I am using Omap3515 (Arm Cortex A8). Enabled I-Cache, D-Cache, Branch Prediction and MMU.
I am getting a data abort, if I try to copy a frame buffer of 600KB from an external memory region to another external memory region. After the data abort, I could notice that the SDR i.e SDRAM is not accessible.
I have enabled MMU in such a way that PA=VA.
There is no issue if I copy less amount data.
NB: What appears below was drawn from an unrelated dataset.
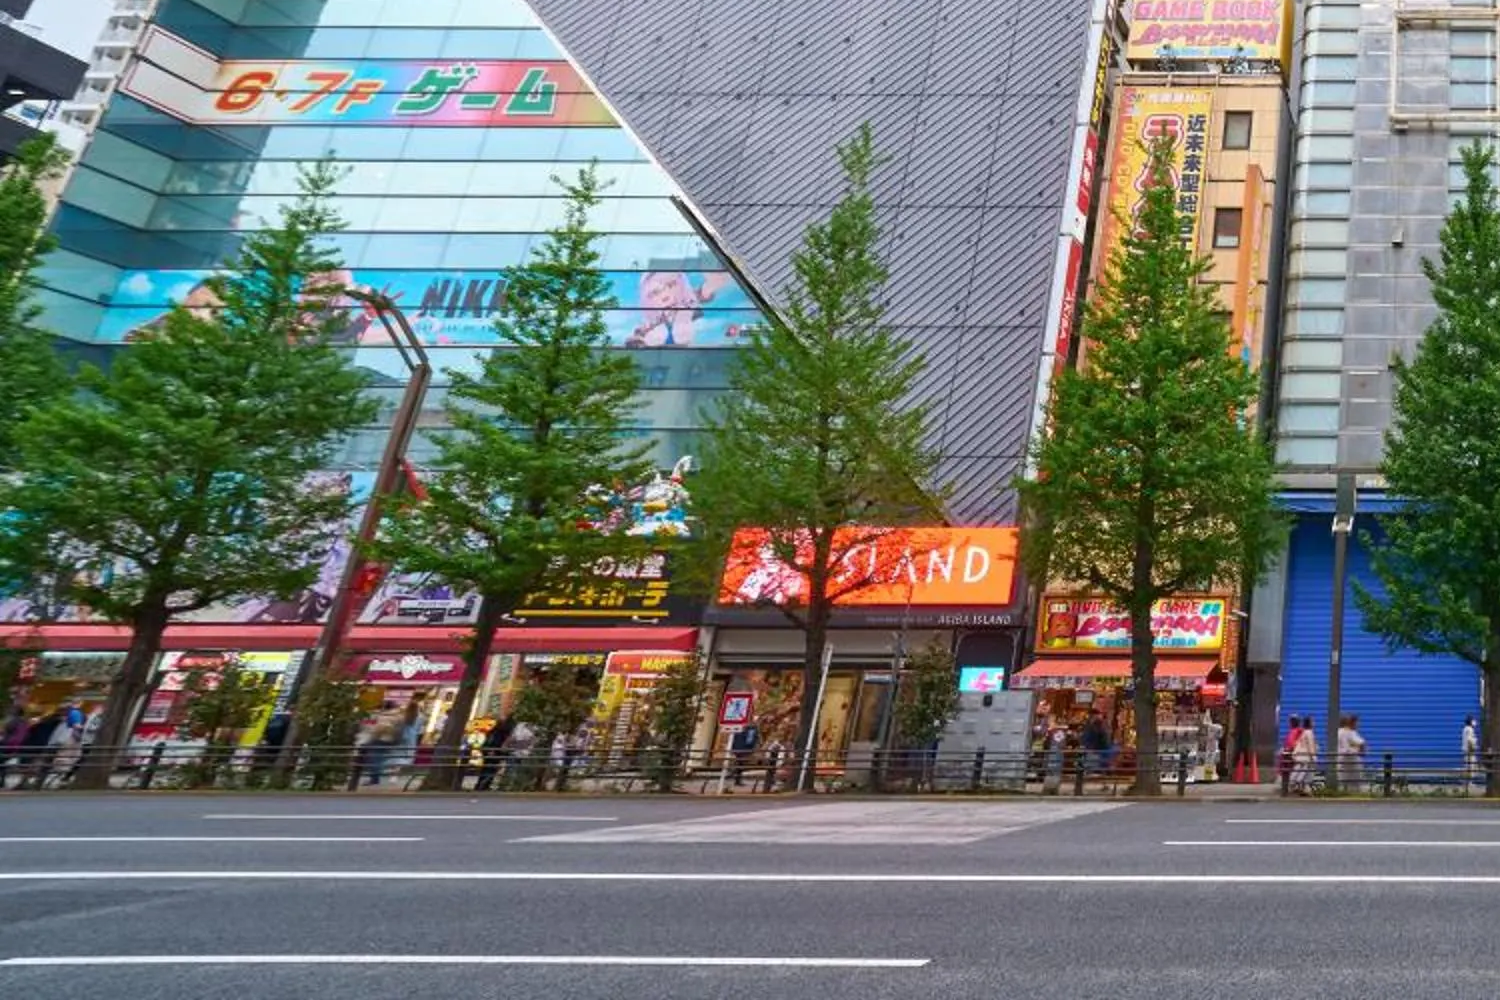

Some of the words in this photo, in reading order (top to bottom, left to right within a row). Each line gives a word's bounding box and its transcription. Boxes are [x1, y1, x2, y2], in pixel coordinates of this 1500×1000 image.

And also, If I disable D-Cache then there is no abort and it works fine. But I would like to enable D-Cache for faster access.
Thanks and regards,
Gopu
Hello Gopu,
how did you solve the problem which the internal RAM access was slower than the external RAM when MMU was enabled?
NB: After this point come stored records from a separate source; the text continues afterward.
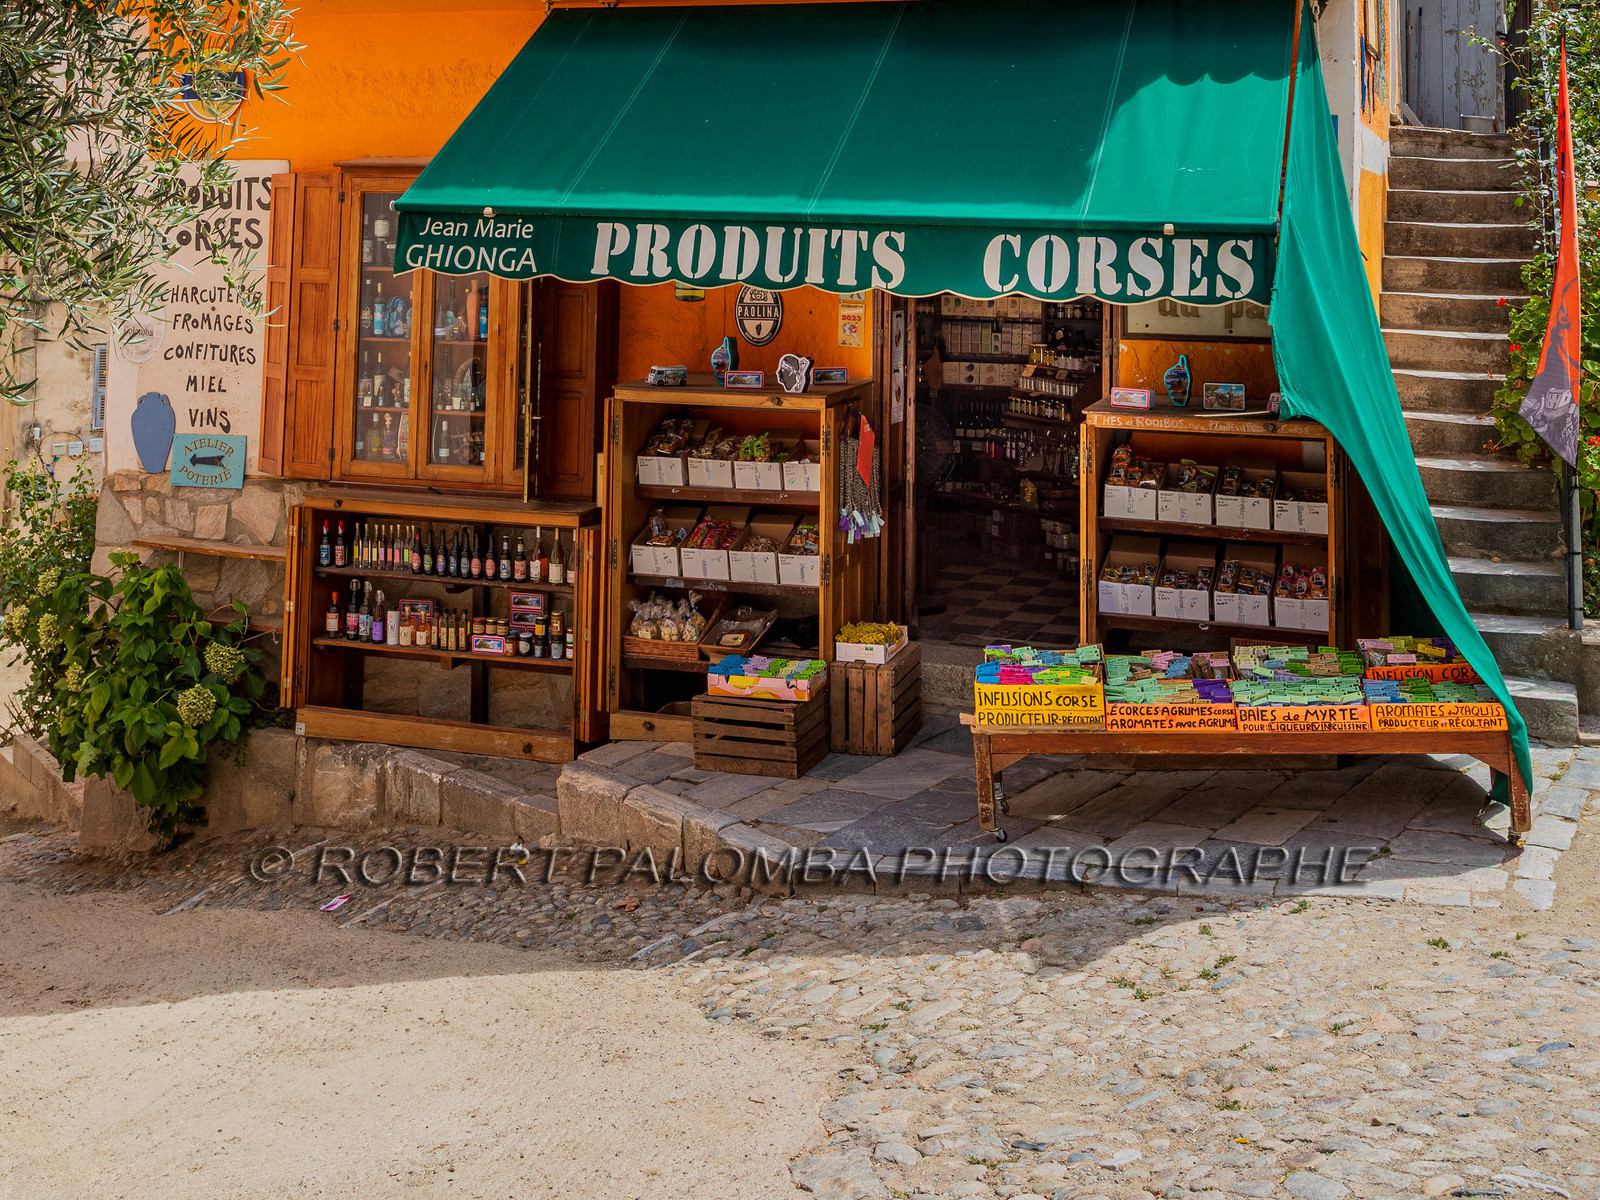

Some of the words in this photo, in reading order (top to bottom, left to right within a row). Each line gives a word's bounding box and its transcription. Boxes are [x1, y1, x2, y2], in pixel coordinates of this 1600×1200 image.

[420, 216, 468, 238] Jean
[474, 217, 534, 239] Marie
[406, 243, 538, 273] GHIONGA
[590, 222, 905, 289] PRODUITS
[983, 234, 1255, 298] CORSES
[738, 306, 779, 318] PAOLINA
[841, 314, 862, 322] 2023
[173, 312, 254, 335] FROMAGES
[163, 342, 257, 365] CONFITURES
[185, 375, 227, 394] MIEL
[188, 407, 232, 434] VINS
[184, 438, 235, 457] ATELIER
[178, 465, 232, 485] POTERIE
[1442, 667, 1479, 680] CORS
[1056, 696, 1097, 707] CORSE
[1375, 705, 1445, 717] AROMATES
[1304, 708, 1359, 721] MYRTE
[1379, 718, 1439, 728] PRODUCTEUR
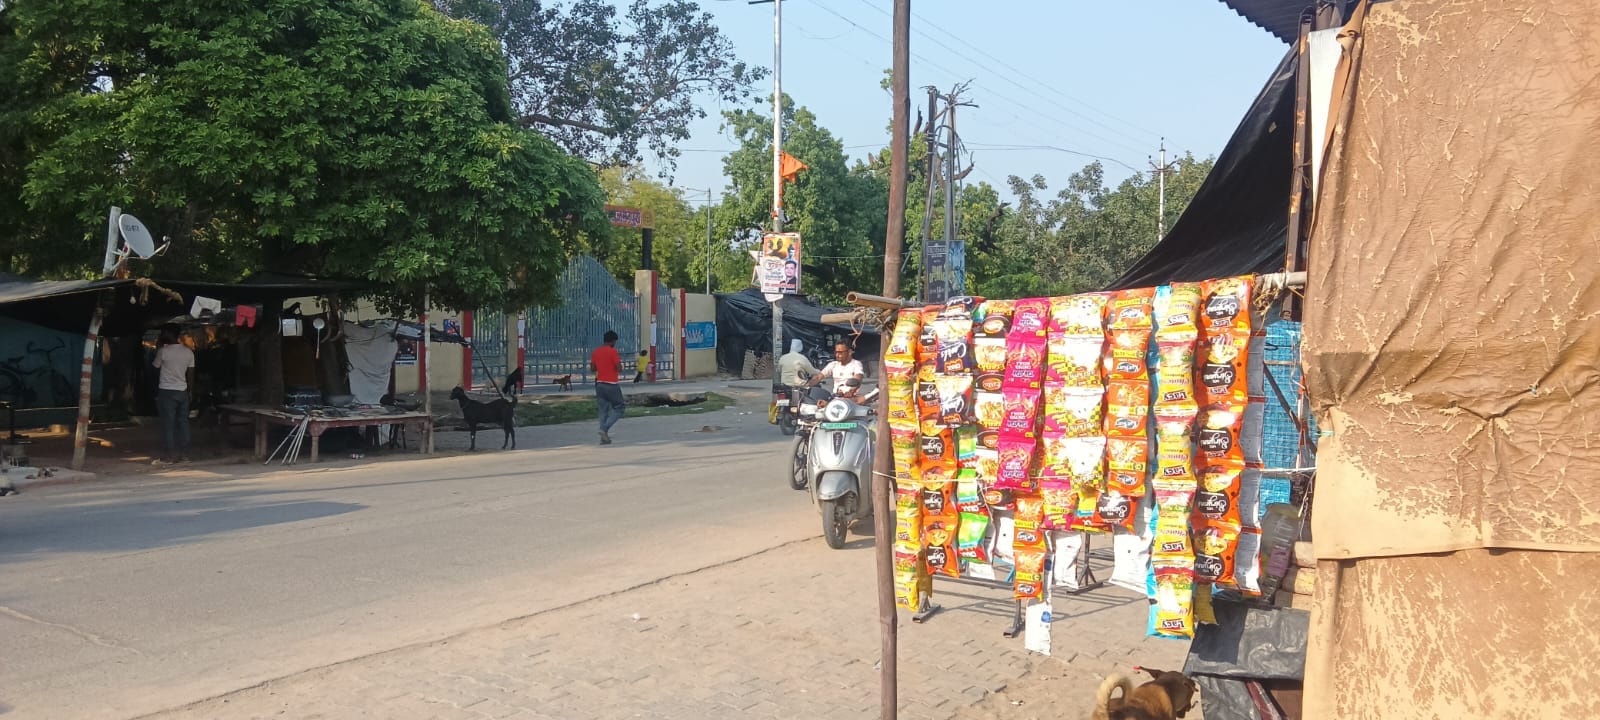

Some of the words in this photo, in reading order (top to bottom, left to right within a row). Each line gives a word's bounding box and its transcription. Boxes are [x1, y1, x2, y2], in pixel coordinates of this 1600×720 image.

In case of successful case, how many data did you transferred?
Is it less that dcache size?
By the way, what is your computer board of OMAP 3515?
What is the LPDDR part?
Best regards,
Yasuhiko Koumoto.
Hello,
Thanks for the reply. Here are the details.
Internal RAM slow :
This is due to the C bit and B bit settings in TLB of MMU. By mistake I have not enabled the cacheable and bufferable bit in the TLB. After enabling these bits. Internal RAM started working fine.
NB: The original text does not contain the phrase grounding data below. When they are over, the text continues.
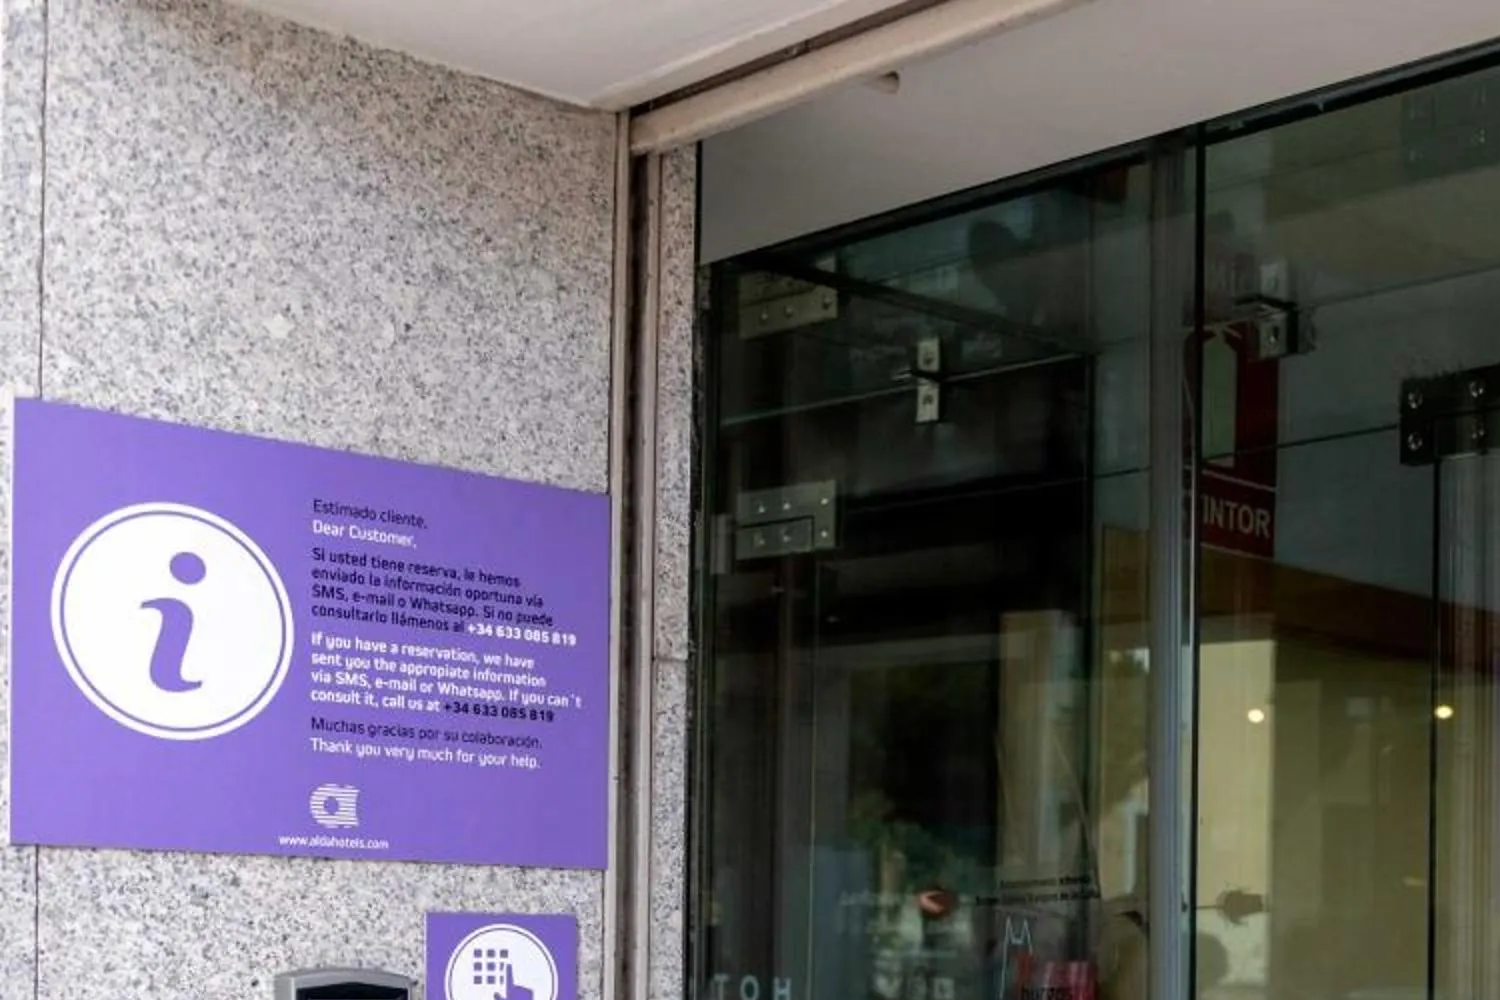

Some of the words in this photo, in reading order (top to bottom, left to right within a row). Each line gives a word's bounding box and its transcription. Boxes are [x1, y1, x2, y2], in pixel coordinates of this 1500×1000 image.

[313, 499, 376, 521] Estimado
[313, 519, 344, 537] Dear
[350, 526, 417, 548] Customer,
[312, 548, 326, 562] Si
[329, 552, 367, 567] usted
[371, 556, 405, 572] tiene
[479, 569, 520, 588] hemos
[311, 567, 365, 585] enviado
[465, 588, 523, 605] oportuna
[311, 583, 348, 602] SMS,
[352, 590, 395, 607] e-mail
[397, 597, 407, 609] o
[483, 605, 495, 619] Si
[497, 610, 513, 621] no
[516, 612, 553, 627] puede
[311, 604, 388, 624] consultarlo
[467, 623, 493, 637] +34
[495, 625, 521, 640] 633
[312, 632, 322, 646] If
[326, 635, 351, 650] you
[355, 637, 386, 653] have
[390, 642, 399, 654] a
[401, 642, 479, 665] reservation,
[484, 653, 502, 667] we
[505, 654, 535, 669] have
[311, 653, 342, 667] sent
[345, 656, 370, 671] you
[374, 658, 397, 673] the
[473, 667, 547, 687] information
[311, 688, 361, 705] consult
[382, 694, 404, 709] call
[408, 699, 423, 711] us
[426, 699, 441, 713] at
[444, 702, 470, 714] +34
[473, 703, 498, 717] 633
[529, 709, 554, 723] 819
[336, 672, 371, 689] SMS,
[375, 677, 416, 692] e-mail
[420, 682, 435, 694] or
[509, 690, 518, 702] If
[522, 693, 545, 707] you
[311, 716, 365, 734] Muchas
[368, 721, 415, 738] gracias
[418, 727, 441, 741] por
[444, 730, 459, 742] su
[461, 730, 542, 749] colaboración.
[311, 737, 352, 753] Thank
[356, 741, 380, 757] you
[384, 744, 415, 761] very
[418, 745, 452, 762] much
[457, 749, 473, 763] for
[478, 752, 506, 767] your
[511, 752, 540, 769] help.
In OMAP 3515 internal ram is of 64 KB, I have tested a NEONCopyPLD of 47 KB from one region to another region it worked fine. i.e src = 0x40204000, dest = 0x40204400, size = 1024*47.
External RAM and abort :
This issue still exists. I want to copy 600KB from one region of SDRAM to another region of SDRAM. But it aborts if D Cache is enabled.
I tired 300KB, it works fine for some times. But for most of the times it goes to prefetch/data abort handler. And following are the status register values after the abort
Data Fault Status Register is 0
Instruction Fault Status Register is 0x1008
Instruction Fault Address Register is 0x80437314 (this is my code region)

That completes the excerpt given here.